Este lunes, amaneció de democracia. Una contagiosa alegría se apodera del alma venezolana. Hoy todo nos parece más bonito, como si el cielo fuera más azul y los verdes de nuestras montañas más verdes y el país más país. Lo que parecía imposible para muchos se logró. Venezuela tiene un solo camino, la democracia y el voto como instrumento de cambio y el que no lo entienda, peor para él.

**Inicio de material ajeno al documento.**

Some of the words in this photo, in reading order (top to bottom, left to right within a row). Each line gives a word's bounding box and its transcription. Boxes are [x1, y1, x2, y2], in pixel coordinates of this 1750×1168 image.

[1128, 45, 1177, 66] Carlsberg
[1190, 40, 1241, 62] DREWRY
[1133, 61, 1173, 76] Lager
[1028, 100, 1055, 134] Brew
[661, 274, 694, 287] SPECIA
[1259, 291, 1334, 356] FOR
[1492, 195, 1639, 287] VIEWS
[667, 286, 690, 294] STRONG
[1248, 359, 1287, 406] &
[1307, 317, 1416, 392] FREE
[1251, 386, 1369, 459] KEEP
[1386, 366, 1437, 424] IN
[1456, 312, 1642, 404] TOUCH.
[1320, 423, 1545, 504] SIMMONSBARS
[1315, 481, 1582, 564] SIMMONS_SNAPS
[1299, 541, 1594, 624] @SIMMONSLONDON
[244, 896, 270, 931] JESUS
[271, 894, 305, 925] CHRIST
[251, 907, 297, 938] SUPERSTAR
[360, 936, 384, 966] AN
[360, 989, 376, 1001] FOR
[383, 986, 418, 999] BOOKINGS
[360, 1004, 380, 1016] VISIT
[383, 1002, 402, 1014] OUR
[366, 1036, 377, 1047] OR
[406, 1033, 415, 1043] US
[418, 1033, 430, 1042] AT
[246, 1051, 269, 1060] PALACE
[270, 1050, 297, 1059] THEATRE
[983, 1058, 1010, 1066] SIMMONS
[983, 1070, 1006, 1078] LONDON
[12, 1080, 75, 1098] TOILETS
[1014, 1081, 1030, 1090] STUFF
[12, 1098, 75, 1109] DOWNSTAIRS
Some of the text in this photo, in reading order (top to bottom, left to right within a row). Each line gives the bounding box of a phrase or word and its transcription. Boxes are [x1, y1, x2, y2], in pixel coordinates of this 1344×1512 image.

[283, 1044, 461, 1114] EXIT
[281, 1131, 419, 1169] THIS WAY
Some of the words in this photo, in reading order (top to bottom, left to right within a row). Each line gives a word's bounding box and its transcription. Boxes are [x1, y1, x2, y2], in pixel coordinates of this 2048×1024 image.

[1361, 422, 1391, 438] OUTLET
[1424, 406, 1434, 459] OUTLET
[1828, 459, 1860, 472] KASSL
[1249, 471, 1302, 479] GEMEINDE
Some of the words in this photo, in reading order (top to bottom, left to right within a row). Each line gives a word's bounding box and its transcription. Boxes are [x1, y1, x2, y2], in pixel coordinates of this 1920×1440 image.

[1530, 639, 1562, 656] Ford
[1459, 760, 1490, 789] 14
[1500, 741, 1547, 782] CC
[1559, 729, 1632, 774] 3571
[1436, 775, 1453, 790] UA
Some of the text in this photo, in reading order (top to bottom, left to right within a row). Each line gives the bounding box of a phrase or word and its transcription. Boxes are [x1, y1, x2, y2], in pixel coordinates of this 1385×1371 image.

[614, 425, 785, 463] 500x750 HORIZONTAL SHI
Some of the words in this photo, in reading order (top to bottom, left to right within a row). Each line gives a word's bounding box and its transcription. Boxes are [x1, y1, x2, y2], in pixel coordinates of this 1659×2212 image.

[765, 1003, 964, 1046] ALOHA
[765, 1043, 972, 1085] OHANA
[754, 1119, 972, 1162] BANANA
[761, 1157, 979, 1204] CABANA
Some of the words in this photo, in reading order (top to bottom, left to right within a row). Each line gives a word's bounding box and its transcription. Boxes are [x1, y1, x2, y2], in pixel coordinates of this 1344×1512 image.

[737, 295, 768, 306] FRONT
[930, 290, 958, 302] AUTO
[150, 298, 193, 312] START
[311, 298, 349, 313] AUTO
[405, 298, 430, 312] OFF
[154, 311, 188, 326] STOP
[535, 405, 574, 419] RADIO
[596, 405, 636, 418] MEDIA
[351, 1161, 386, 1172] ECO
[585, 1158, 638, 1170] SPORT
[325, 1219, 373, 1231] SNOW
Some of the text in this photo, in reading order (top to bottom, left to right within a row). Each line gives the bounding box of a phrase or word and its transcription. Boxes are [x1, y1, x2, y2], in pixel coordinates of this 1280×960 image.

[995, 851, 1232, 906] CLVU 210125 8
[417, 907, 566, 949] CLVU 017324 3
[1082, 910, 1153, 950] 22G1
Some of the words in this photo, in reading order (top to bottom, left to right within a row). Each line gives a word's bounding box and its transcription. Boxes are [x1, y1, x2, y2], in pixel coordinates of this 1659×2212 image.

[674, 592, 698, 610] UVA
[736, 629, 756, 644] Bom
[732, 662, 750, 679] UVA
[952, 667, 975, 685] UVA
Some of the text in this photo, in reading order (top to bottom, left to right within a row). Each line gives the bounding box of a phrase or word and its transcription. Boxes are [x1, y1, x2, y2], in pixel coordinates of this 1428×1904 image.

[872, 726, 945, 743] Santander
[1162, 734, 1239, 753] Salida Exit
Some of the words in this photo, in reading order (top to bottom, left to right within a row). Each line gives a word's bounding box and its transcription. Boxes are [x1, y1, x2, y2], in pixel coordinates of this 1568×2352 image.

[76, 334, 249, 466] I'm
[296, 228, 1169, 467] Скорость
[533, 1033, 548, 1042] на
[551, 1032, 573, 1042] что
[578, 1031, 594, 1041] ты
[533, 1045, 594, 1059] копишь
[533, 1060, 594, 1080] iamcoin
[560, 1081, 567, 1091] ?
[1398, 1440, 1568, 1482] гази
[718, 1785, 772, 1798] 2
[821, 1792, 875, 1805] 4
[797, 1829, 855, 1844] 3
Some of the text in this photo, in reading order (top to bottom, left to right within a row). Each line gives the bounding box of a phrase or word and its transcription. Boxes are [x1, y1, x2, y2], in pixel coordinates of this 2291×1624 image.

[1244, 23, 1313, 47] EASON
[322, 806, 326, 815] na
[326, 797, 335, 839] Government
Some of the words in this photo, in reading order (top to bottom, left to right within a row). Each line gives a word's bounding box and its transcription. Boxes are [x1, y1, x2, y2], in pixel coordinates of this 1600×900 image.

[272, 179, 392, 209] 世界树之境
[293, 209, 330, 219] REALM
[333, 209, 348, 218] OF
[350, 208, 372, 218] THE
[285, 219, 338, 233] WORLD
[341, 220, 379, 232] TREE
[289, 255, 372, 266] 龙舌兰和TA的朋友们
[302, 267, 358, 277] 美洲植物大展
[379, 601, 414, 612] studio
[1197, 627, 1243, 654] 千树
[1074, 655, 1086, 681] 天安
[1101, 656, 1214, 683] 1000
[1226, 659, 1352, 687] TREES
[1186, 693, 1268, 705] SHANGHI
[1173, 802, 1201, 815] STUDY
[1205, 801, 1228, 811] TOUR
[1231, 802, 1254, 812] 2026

En los días previos al domingo de la votación todo parecía abismo. La gente compró comida porque barruntaba lo peor. Esperábamos que el gobierno no reconociese los resultados o que el CNE los «maquillara», que una nueva irreversibilidad se nos cruzara en el camino. No fue así: hay momentos en los cuales sale muy caro contrariar la determinación de un pueblo. Sucedió en el Chile de Pinochet y también aquí. Con un CNE abiertamente parcializado, luego de una campaña electoral de un ventajismo grosero, en medio de una invisibilización comunicacional vergonzosa de la oposición por parte de los medios públicos y también los privados sometidos por el miedo o la complicidad, se logró lo que las encuestas pronosticaban, lo que se percibía en el pulso del alma nacional: triunfó la voluntad de cambio.

Lo del domingo no es una muestra de «madurez política», no nos caigamos a coba, fue el hambre que viene tocando la puerta del venezolano, la desesperación que propició un deseo de rectificar rumbos. Eso es lo que quiere Venezuela, dice uno tratando de entender: parar la confrontación, resolver los problemas. Se gobierna para producir en los pueblos «la mayor suma de felicidad posible», tan sencillo y tan complicado. Al parecer, la gente es más feliz cuando los hospitales funcionan, la educación es mejor, las calles son transitables y el sueldo le alcanza. No sé por qué misteriosa razón, la gente es más feliz cuando no la atracan en la calle y no la asesinan por robarle un teléfono, vainas de la gente, pues, que es rara. Y esto lo desean los venezolanos por igual, más allá de preferencias ideológicas y políticas, porque ningún malandro pregunta de qué partido eres a la hora de ponerte una pistola en la cabeza.

La oposición debe entender claramente qué pretendemos de ellos: trabajo, compromiso, responsabilidad, inteligencia y sobre todo esperanza de un futuro mejor. Construyan el liderazgo que aun no tienen con acciones sensatas. Todos votamos sin conocer sus nombres, los hemos hecho nuestros representantes, les toca ahora convertirse en ellos. Debemos recuperar la fe en la política como mecanismo de resolución de conflictos en una sociedad democrática. El gobierno y concretamente el presidente tiene mucho más que entender. Por menos que esto han abdicado reyes y renunciado presidentes. Nadie le está pidiendo que renuncie, presidente, pero sí que trate de meditar en lo qué le ha sucedido. El primer discurso fue muy mal presagio, ojalá sea solo producto del agotamiento del día y no de una certeza. «Ha triunfado la guerra económica», dijo. Pues no, presidente, es justamente lo contrario: triunfó la convicción de que no hay guerra económica, sino un desatino monumental en la conducción del país, cosa que le toca directamente. No triunfó la derecha, sobre la izquierda. Es mucho más simple: ganó la idea de que la sensatez debe imponerse, triunfó el sentido común de supervivencia de un pueblo que ve lo que se le viene encima. Tómese unos días, váyase a Mérida, relájese y medite sobre lo que le sucedió y actúe en consecuencia.

Una buena señal de que un tiempo distinto comienza sería que los presos políticos pasaran la Navidad con sus familias en libertad. Quizá esa sea la mejor manera de convencer a los venezolanos de que un cambio está comenzando, de que la reconciliación de la nación es el único camino posible.

Amaneció distinto. Venezuela quiere cambio, quiera Dios que el mensaje se entienda.